ARCfieldLAB. Innovative sensor technologies and methodologies for archaeological fieldwork: network, knowledge base, and dissemination
Supervision: Jitte Waagen
In collaboration with: Rijksdienst voor Cultureel Erfgoed (RCE), Stichting Infrastructuur Kwaliteitsborging Bodembeheer (SIKB), Vereniging Ondernemers in Archeologie (VOiA), Saxion University of Applied Sciences, Leiden University (LEI), Free University of Amsterdam (VU), University of Amsterdam (UvA).
Project description: ARCfieldLAB is an E-RIHS-funded project aimed at improving the quality of archaeological fieldwork and research in the Netherlands.
This is done by collecting information on the most important technological and methodological innovations of the last ten years in the field of archaeological remote sensing.

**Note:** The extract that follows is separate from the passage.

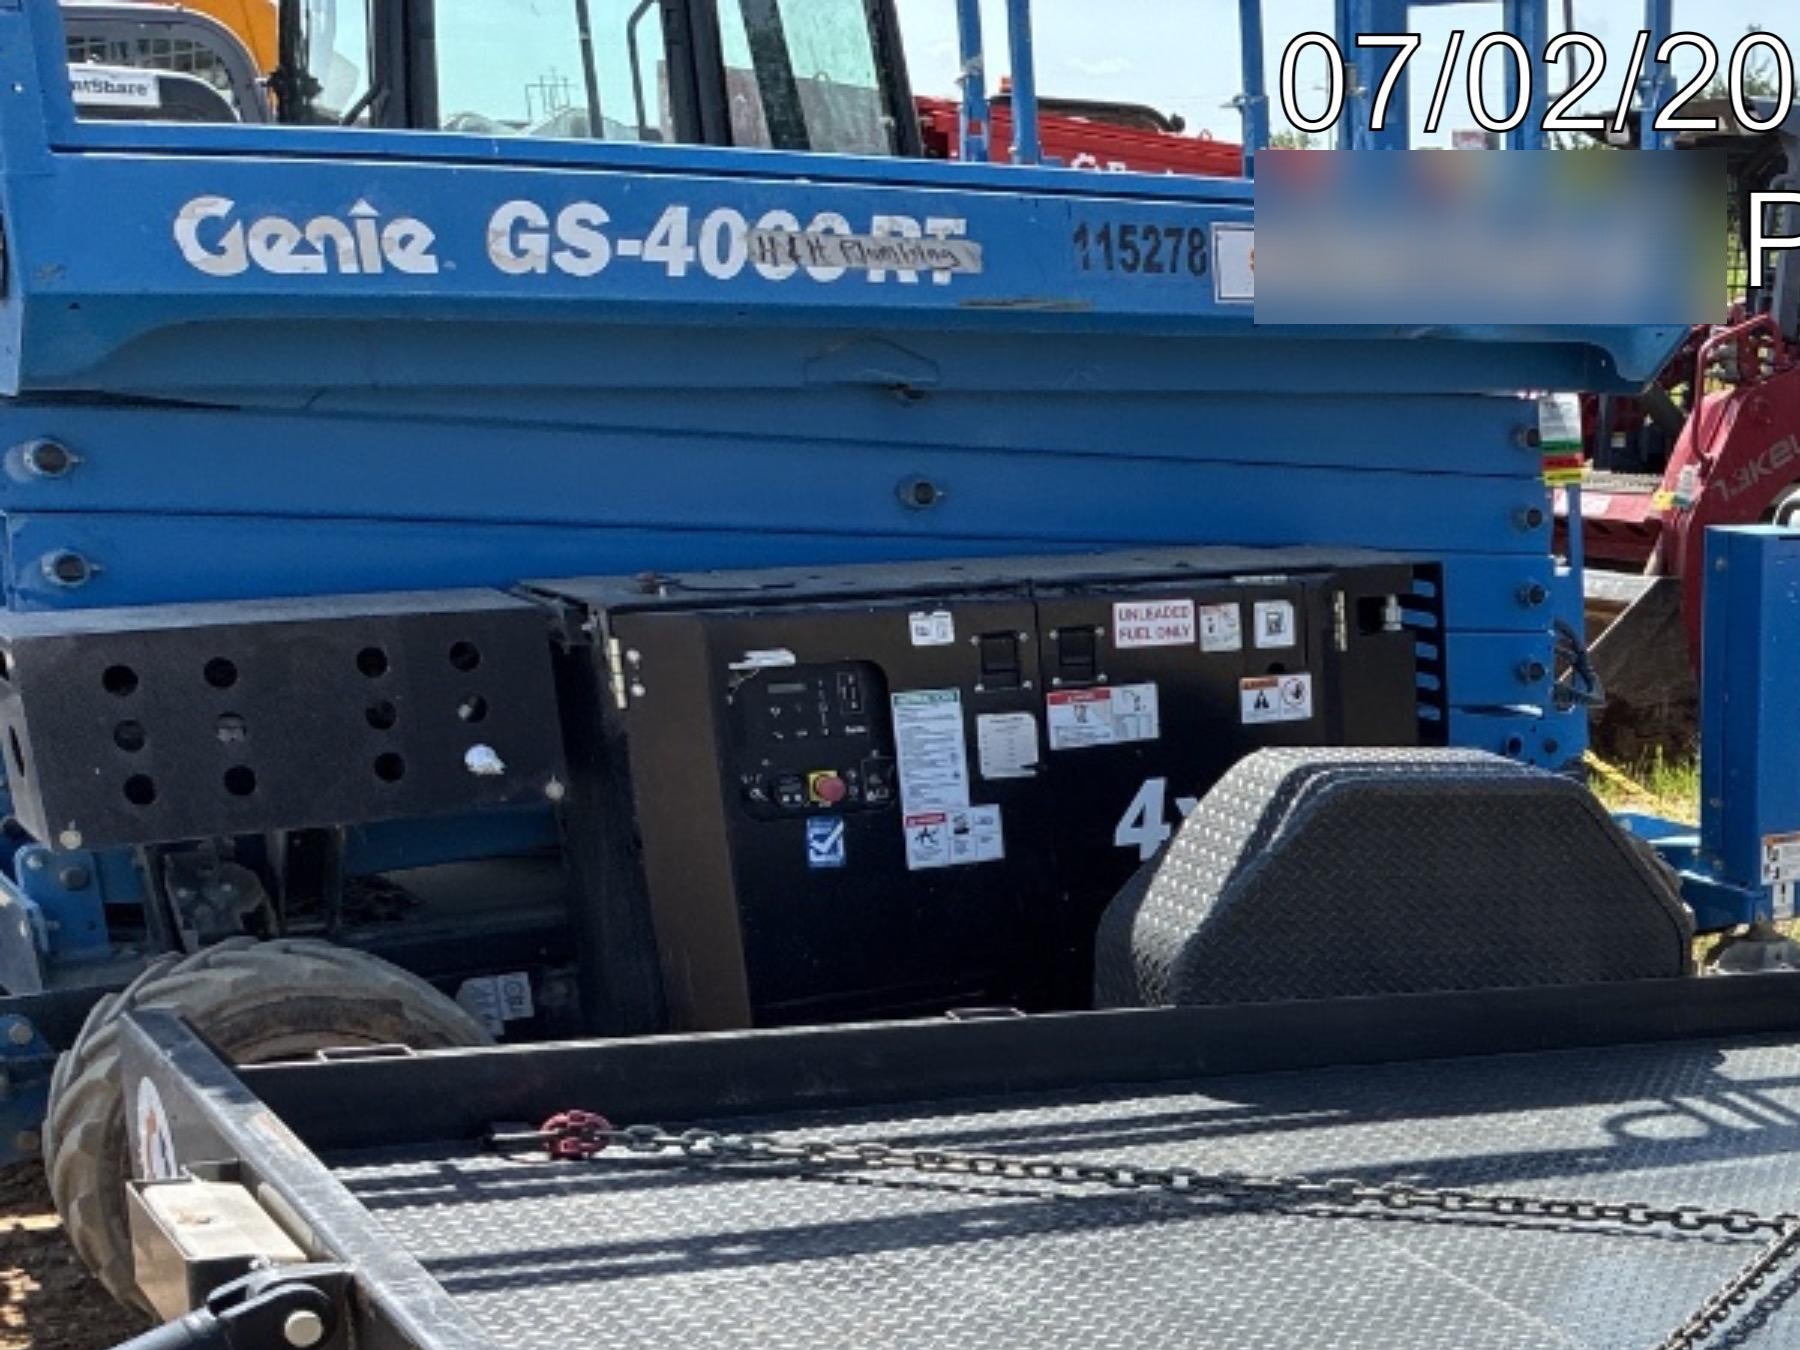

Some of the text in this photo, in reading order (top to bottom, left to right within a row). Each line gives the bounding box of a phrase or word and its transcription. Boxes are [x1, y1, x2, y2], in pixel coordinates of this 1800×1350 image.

[173, 194, 440, 276] Genie
[1073, 221, 1207, 278] 115278
[1118, 605, 1190, 622] UNLEADED
[1119, 624, 1191, 641] FUEL ONLY

Expert meetings in which experience in applying these techniques can be exchanged are organized. These cover topics such as 1) exchanging expertise within the archaeological sector, 2) sustainable knowledge dissemination and long-term preservation, 3) getting to know experts outside of the archaeology domain as well as 4) exchanging ideas among international experts.
A call has been published for partners in the sector of archaeological sensor experts to create insightful texts about their respective technology to help the field understand their basics and practical applications. In addition, a call has been published for the same group to participate in ARCfieldLAB by executing and contributing casestudies to illustrate current innovations. This knowledge will be disseminated in a publicly-accessible online knowledge base of resources and best practices.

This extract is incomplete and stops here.